* **Source records**:
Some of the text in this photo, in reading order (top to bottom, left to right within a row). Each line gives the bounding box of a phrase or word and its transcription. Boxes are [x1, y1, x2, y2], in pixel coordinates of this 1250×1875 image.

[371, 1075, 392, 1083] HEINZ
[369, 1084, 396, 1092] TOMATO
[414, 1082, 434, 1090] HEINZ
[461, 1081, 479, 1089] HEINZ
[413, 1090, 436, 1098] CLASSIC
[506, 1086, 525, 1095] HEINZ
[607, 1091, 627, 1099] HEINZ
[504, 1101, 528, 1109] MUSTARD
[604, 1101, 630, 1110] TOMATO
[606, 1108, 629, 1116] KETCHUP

* **GOAL OF THE EXERCISE**:
After the last line of the data, restate all the entries verbatim.

* **ANSWER SPACE**:
Some of the text in this photo, in reading order (top to bottom, left to right within a row). Each line gives the bounding box of a phrase or word and its transcription. Boxes are [x1, y1, x2, y2], in pixel coordinates of this 1250×1875 image.

[371, 1075, 392, 1083] HEINZ
[369, 1084, 396, 1092] TOMATO
[414, 1082, 434, 1090] HEINZ
[461, 1081, 479, 1089] HEINZ
[413, 1090, 436, 1098] CLASSIC
[506, 1086, 525, 1095] HEINZ
[607, 1091, 627, 1099] HEINZ
[504, 1101, 528, 1109] MUSTARD
[604, 1101, 630, 1110] TOMATO
[606, 1108, 629, 1116] KETCHUP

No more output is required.